[Opening The records section]

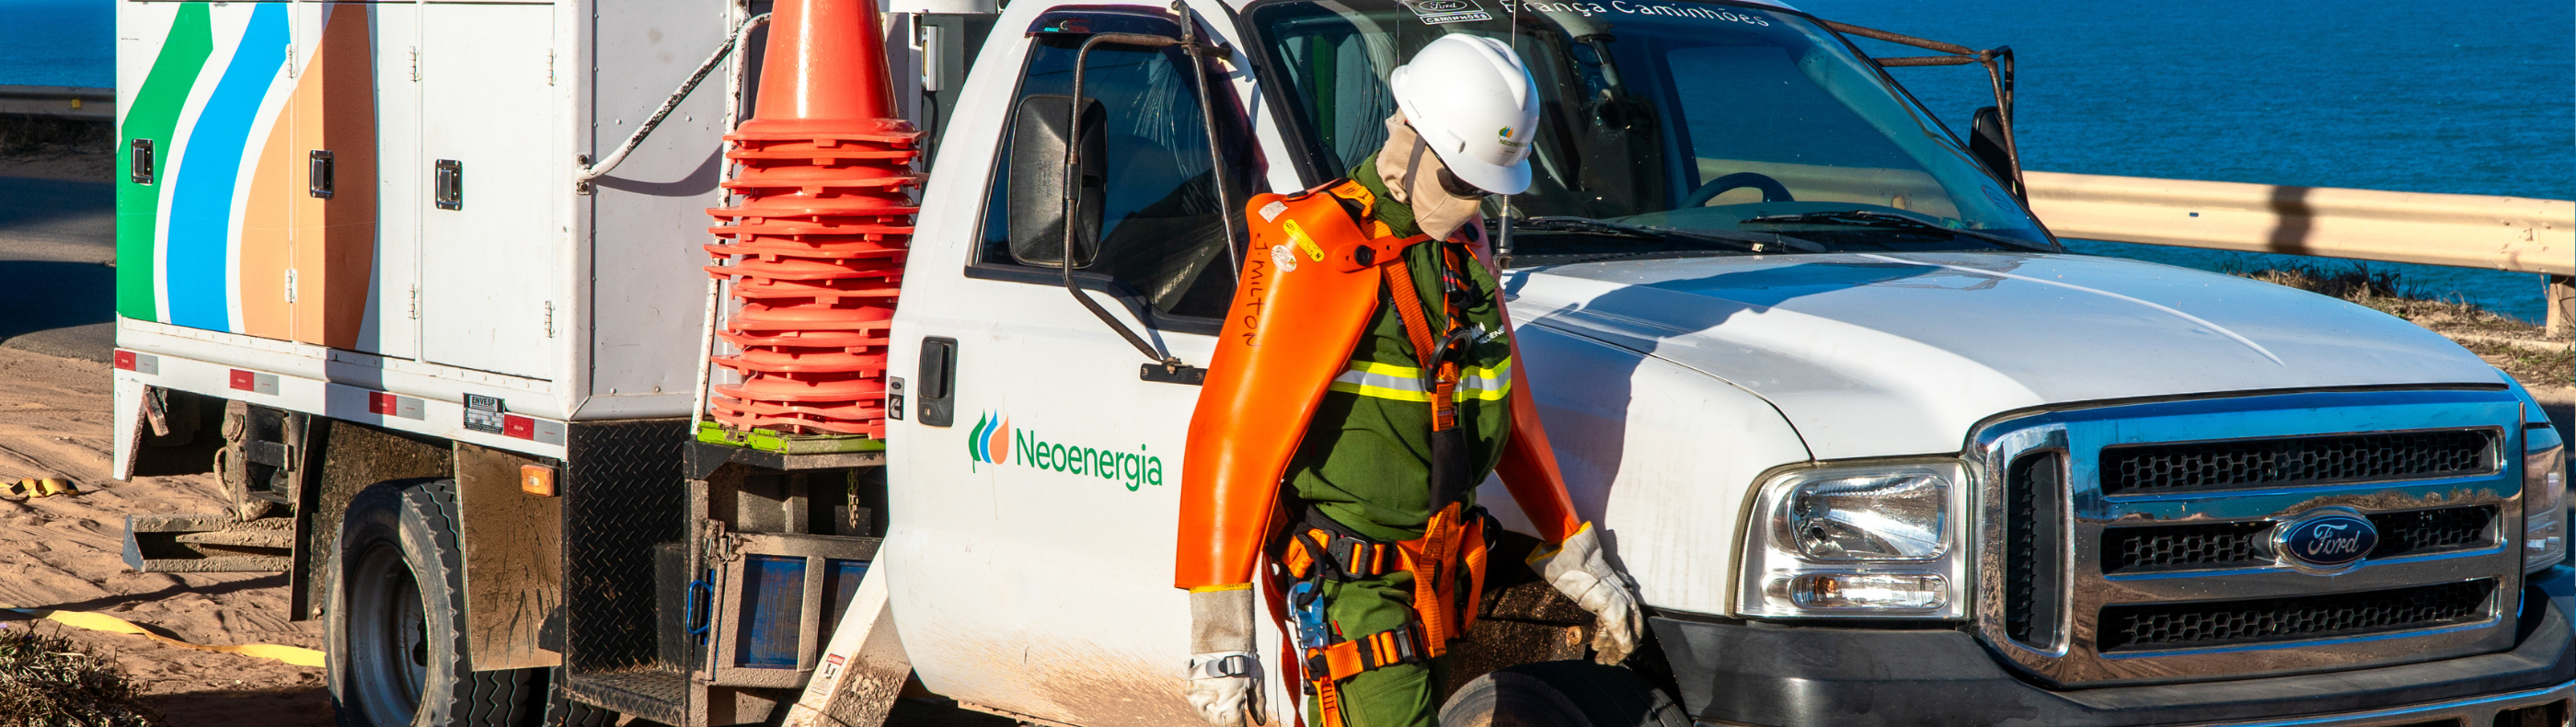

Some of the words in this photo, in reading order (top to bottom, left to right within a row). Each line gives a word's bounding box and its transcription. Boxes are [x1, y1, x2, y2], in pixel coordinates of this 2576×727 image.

[1426, 13, 1488, 23] CAMINHÕES
[1499, 0, 1607, 17] França
[1612, 1, 1770, 27] Caminhões
[1478, 324, 1505, 345] NEOENE
[472, 396, 496, 406] ENVESP
[1017, 428, 1163, 492] Neoenergia
[2307, 524, 2361, 556] Ford
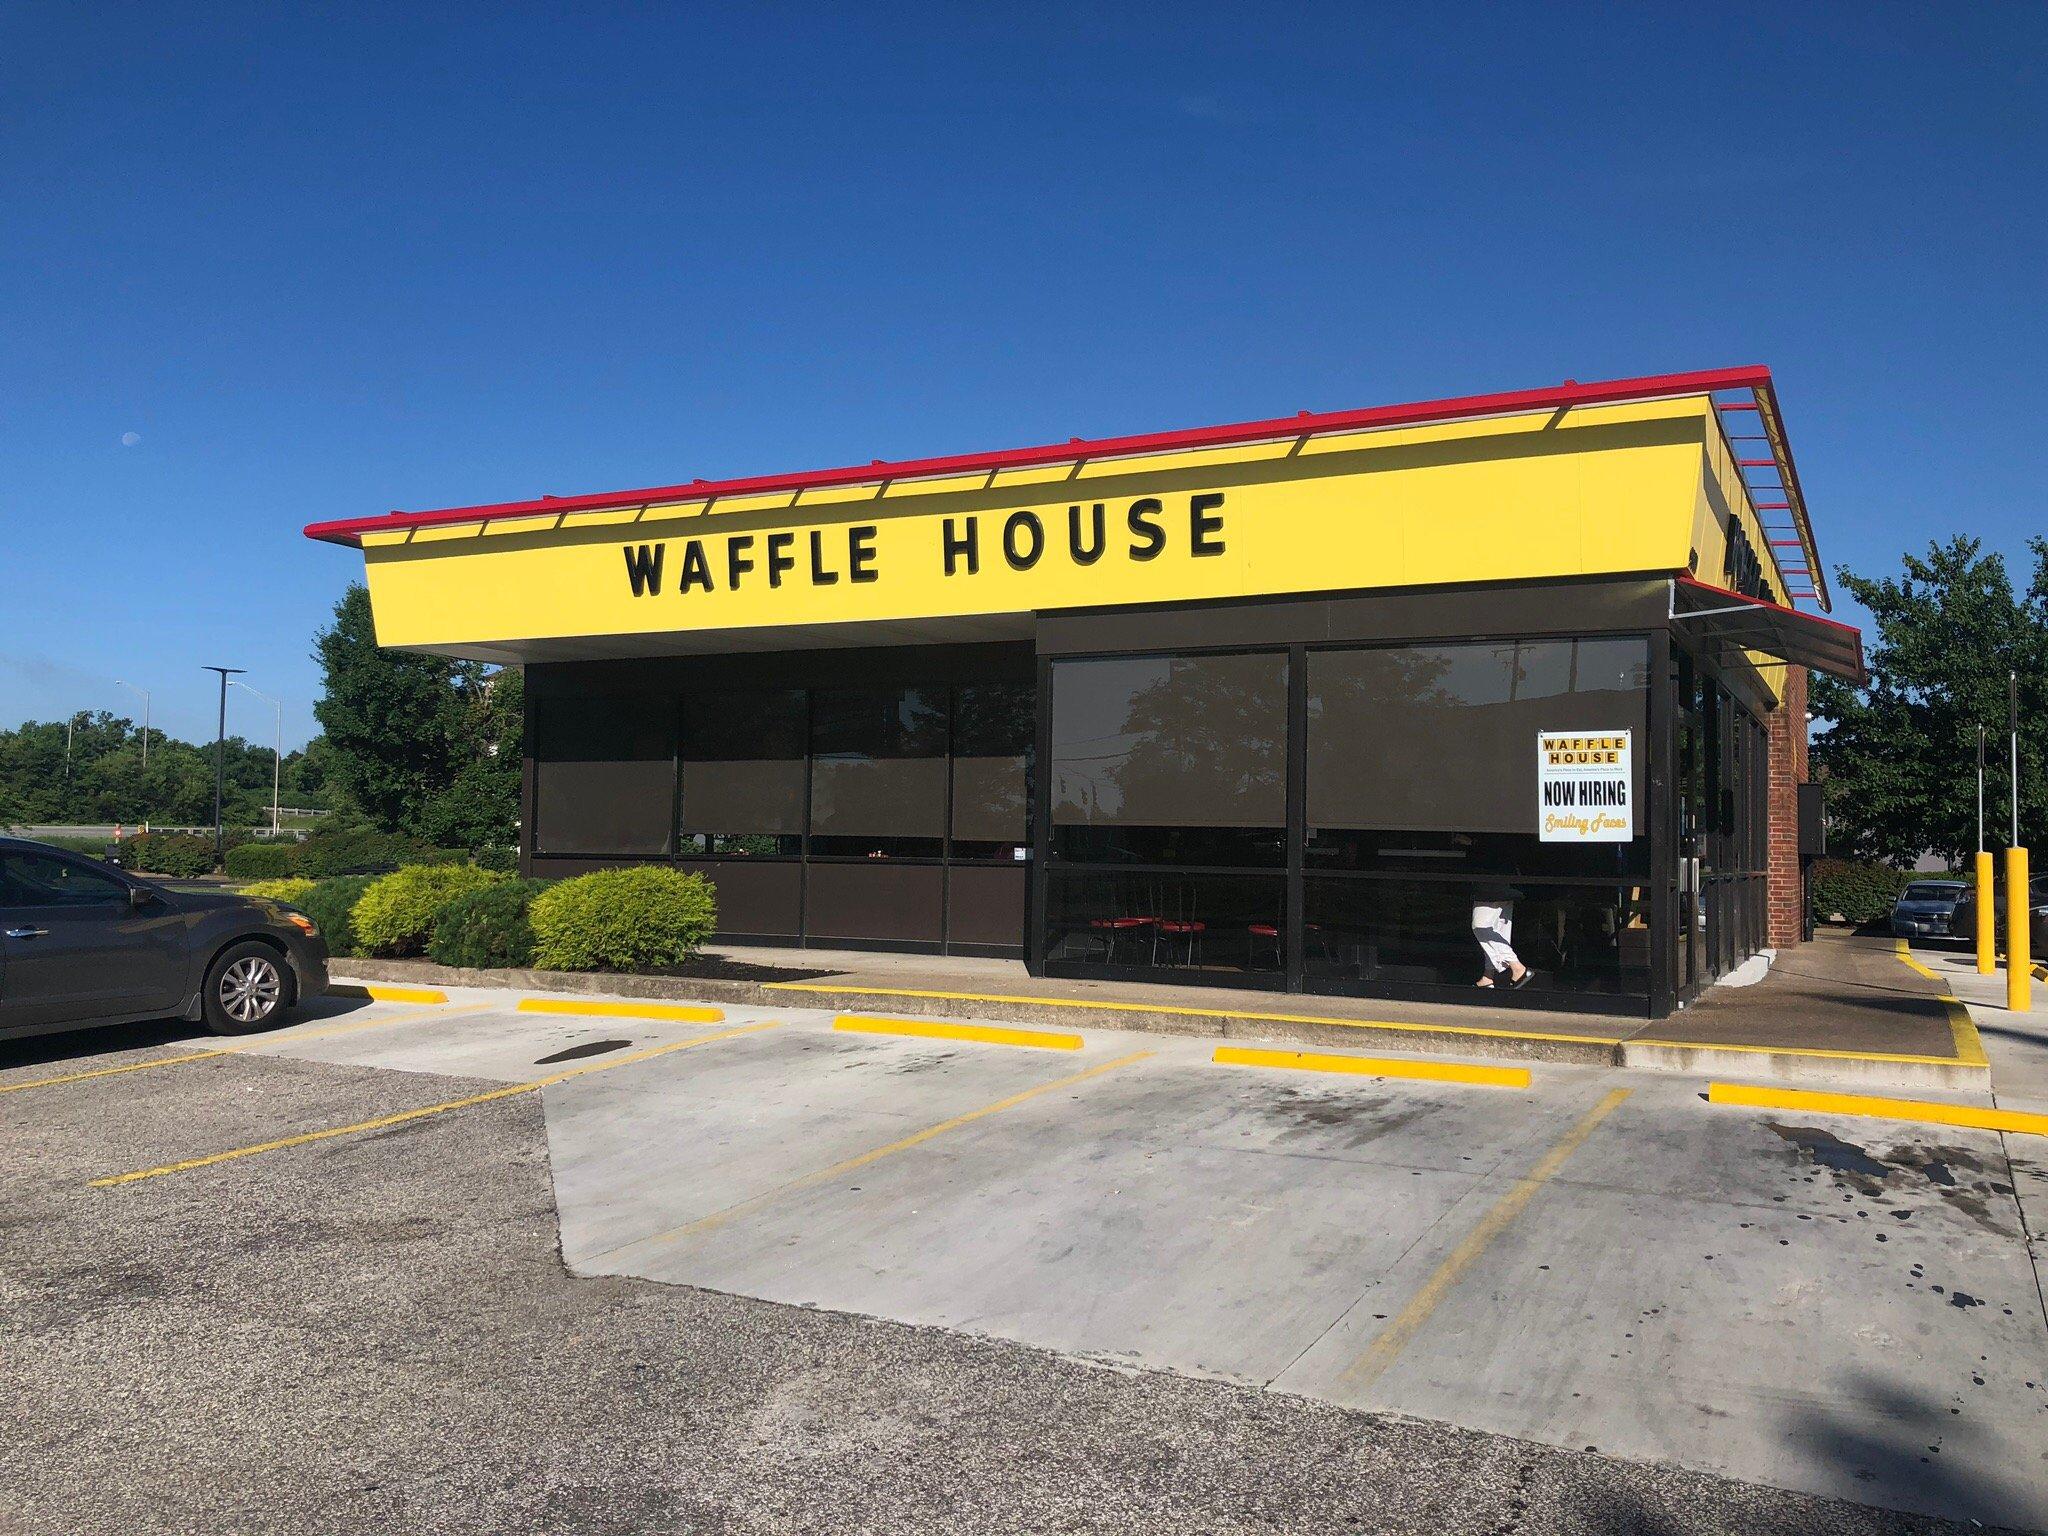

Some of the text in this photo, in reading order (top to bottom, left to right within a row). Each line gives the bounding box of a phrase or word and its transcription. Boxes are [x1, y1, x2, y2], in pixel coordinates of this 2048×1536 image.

[Closing The records section]

> _Required action_: This exercise asks for the data above to be given again exactly, without pictures.

> _Exercise answer_:
Some of the words in this photo, in reading order (top to bottom, left to right within a row). Each line gives a word's bounding box and its transcription. Boxes are [x1, y1, x2, y2], in pixel coordinates of this 2576×727 image.

[1426, 13, 1488, 23] CAMINHÕES
[1499, 0, 1607, 17] França
[1612, 1, 1770, 27] Caminhões
[1478, 324, 1505, 345] NEOENE
[472, 396, 496, 406] ENVESP
[1017, 428, 1163, 492] Neoenergia
[2307, 524, 2361, 556] Ford

Some of the text in this photo, in reading order (top to bottom, left to right within a row). Each line gives the bounding box of a phrase or word and its transcription. Boxes are [x1, y1, x2, y2], in pixel coordinates of this 2048×1536 image.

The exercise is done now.